L'heure semble matinale, je dirais vers les neuf heures peut-être plus tôt,
car la campagne a encore cet aspect de fraîcheur des premières heures du jour
avec la rosée qui rend l'herbe plus verte et la pelouse qui n'est pas
empoussiérée. La saison me paraît printanière car l’herbe des prés n'est pas
brûlée par le soleil d'été et dans les champs, les blés sont en herbe,
sans épis, tout verts.

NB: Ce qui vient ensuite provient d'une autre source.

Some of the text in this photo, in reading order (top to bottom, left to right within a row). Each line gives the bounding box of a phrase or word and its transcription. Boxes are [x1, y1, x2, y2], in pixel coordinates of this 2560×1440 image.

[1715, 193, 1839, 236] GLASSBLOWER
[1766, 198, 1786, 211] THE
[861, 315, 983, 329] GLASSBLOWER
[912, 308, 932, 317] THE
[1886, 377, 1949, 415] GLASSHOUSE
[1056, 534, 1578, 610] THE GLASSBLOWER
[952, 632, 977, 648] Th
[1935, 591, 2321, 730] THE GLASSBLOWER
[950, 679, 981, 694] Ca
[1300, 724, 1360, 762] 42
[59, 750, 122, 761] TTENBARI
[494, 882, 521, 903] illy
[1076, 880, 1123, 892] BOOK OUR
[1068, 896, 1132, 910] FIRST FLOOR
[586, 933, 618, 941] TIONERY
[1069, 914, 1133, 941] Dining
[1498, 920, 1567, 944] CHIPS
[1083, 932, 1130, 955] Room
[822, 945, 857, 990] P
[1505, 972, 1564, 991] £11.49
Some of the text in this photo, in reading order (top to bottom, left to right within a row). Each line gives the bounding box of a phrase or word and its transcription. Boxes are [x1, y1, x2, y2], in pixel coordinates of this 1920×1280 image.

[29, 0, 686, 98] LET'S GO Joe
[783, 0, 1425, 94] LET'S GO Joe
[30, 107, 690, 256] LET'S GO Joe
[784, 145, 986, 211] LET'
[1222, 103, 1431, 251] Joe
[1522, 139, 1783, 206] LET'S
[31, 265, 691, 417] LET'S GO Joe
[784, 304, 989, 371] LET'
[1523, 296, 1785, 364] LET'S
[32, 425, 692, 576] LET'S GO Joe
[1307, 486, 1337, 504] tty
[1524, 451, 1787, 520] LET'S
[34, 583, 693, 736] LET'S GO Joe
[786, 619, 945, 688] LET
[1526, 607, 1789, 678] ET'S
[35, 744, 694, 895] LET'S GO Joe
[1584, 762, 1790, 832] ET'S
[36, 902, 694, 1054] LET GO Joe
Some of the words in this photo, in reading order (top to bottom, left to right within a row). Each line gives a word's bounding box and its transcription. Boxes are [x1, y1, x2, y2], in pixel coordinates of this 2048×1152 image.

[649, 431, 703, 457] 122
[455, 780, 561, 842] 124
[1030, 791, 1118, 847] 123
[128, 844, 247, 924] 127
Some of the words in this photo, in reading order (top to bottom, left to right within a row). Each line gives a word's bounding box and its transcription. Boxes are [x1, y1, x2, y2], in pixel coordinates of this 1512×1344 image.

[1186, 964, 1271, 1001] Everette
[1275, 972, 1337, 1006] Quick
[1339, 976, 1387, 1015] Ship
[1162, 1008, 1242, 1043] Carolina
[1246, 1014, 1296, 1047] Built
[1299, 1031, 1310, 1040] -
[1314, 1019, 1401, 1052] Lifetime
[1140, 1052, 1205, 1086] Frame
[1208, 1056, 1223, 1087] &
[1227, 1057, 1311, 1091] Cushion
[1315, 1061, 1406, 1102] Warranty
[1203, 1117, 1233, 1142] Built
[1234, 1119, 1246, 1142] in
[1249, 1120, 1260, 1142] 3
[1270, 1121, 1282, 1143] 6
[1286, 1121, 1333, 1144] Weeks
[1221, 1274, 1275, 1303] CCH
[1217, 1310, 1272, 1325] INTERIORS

Les feuilles du figuier et du pommier sont vertes et
encore tendres mais je ne vois pas de fleurs sur le pommier et je ne vois pas
de fruits, ni sur le pommier ni sur le figuier ni sur la vigne. C'est que le
pommier a déjà fleuri depuis peu, mais les petits fruits ne se voient pas
encore.
52.3 - Marie,
très fêtée et accompagnée par un homme âgé qui doit être le propriétaire,
monte l'escalier extérieur et entre dans une grande salle qui paraît occuper
tout ou en grande partie, l'étage.
Je crois
comprendre que les pièces du rez-de-chaussée sont les vraies pièces
d'habitation, les dépenses, les débarras et les celliers et que l'étage est
réservé à des usages spéciaux : fêtes exceptionnelles ou à des travaux
qui demandent beaucoup de place ou à l'emmagasinage des produits agricoles.
Pour les fêtes on la débarrasse et on l'orne, comme aujourd'hui de branches
vertes, de nattes, de tables garnies.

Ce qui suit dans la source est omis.